People say, were just starting and that it's still all smiles and giddy feelings. Yes, its true that we're just starting out as a couple and its just been 3 months. But know that I've loved you for more than a month, more than the time we've spent as a couple.

You've confused me a couple of times in the past and every time I would I stop myself from thinking that this was ever going somewhere. I would always try to convince myself that I hate you that I don't like you at all, and I'd always recall how bad your temper was at times, and how I would talk back to you every time you would raise your voice at me. But somehow my thoughts would wander off into wondering what would it be like to be someone you love. How would you treat her? Would you be patient with her?
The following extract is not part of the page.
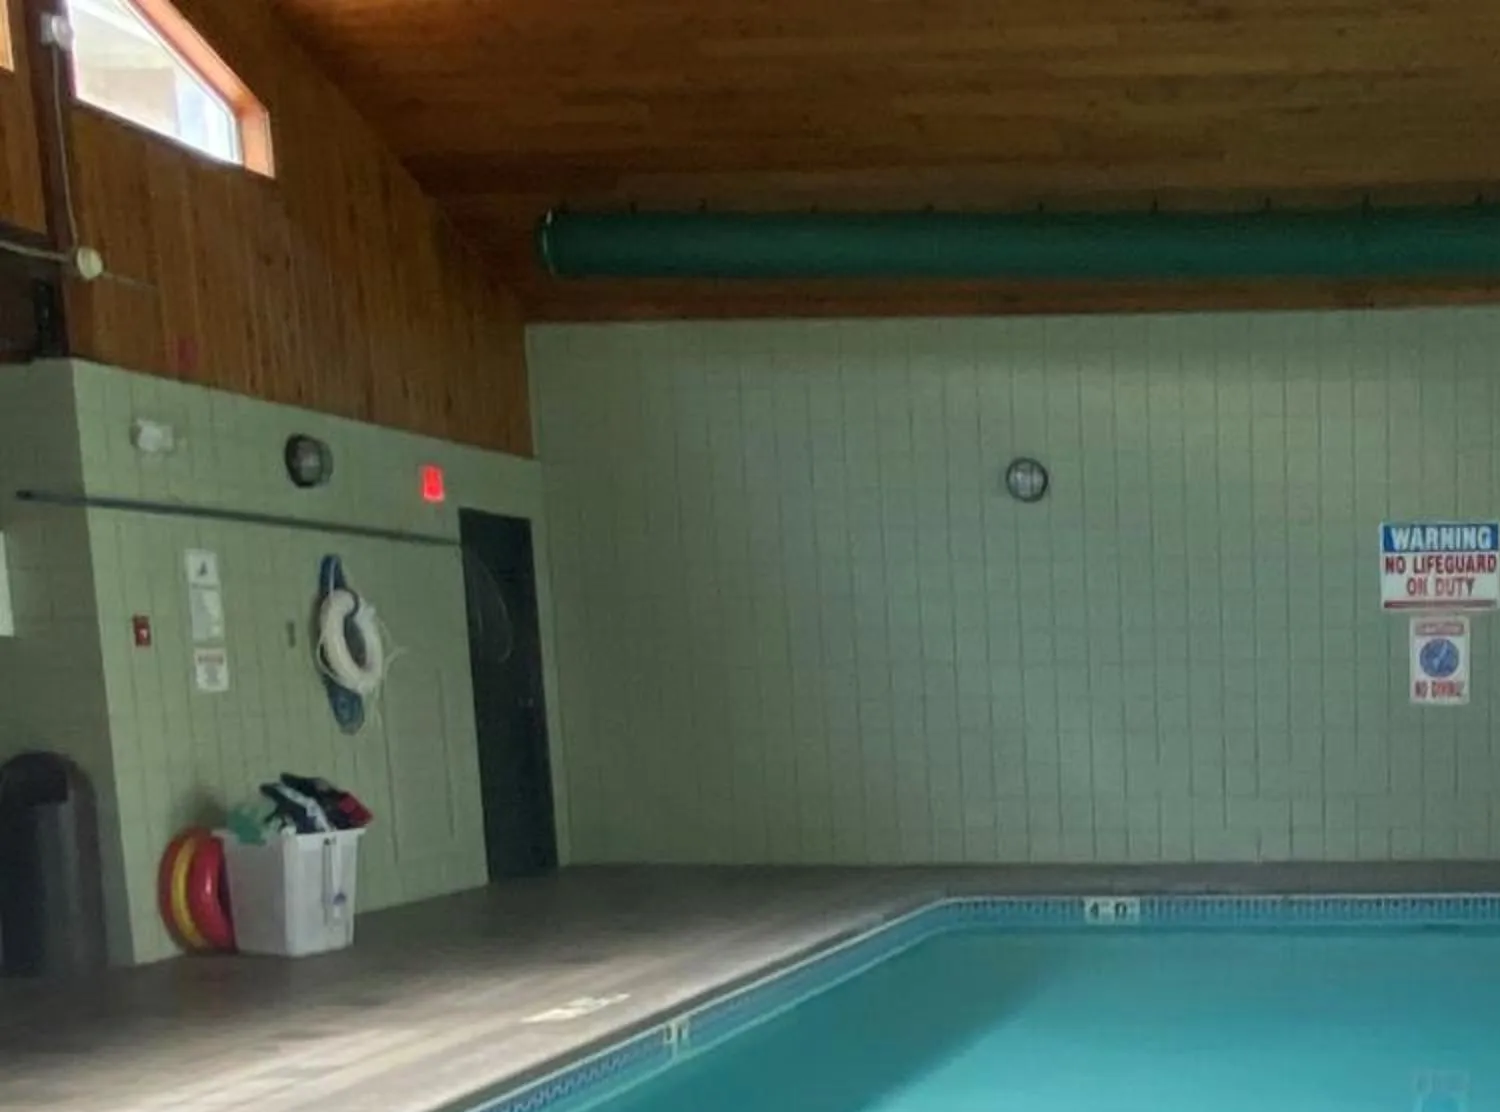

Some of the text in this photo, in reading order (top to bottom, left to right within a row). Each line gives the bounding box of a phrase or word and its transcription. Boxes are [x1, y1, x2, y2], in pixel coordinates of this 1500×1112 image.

But somehow those random thougths made me more curious about you and sometimes I'd find my self thinking about you (eventhough you're always right behind me). You'd fill up most of my thoughts and my stories. And little did I know that I had already fallen in love with you and I can't even try to deny it. But at that time you were still going back and fort trying to pursue her. But, I love you,  despite knowing you loved somebody else. I never hid that from anyone. I was never ashamed of showing how much I care for you regardless of what other people might think. All I know is, I don't want to have any regrets. I want to see this through and I'm glad that I did.

Because here we are.

I never dreamed that one day we might actually be a couple. Yes, I never dreamed but I prayed. I prayed hard for you. Not necessarily for you to be mine, but for you to be always okay, to be happy, and to be loved. And I prayed to find someone just like you. But maybe you're really one of a kind and that there's no other like you, since God gave you to me. You are my answered prayer, love. I love you so much, so much more than you think.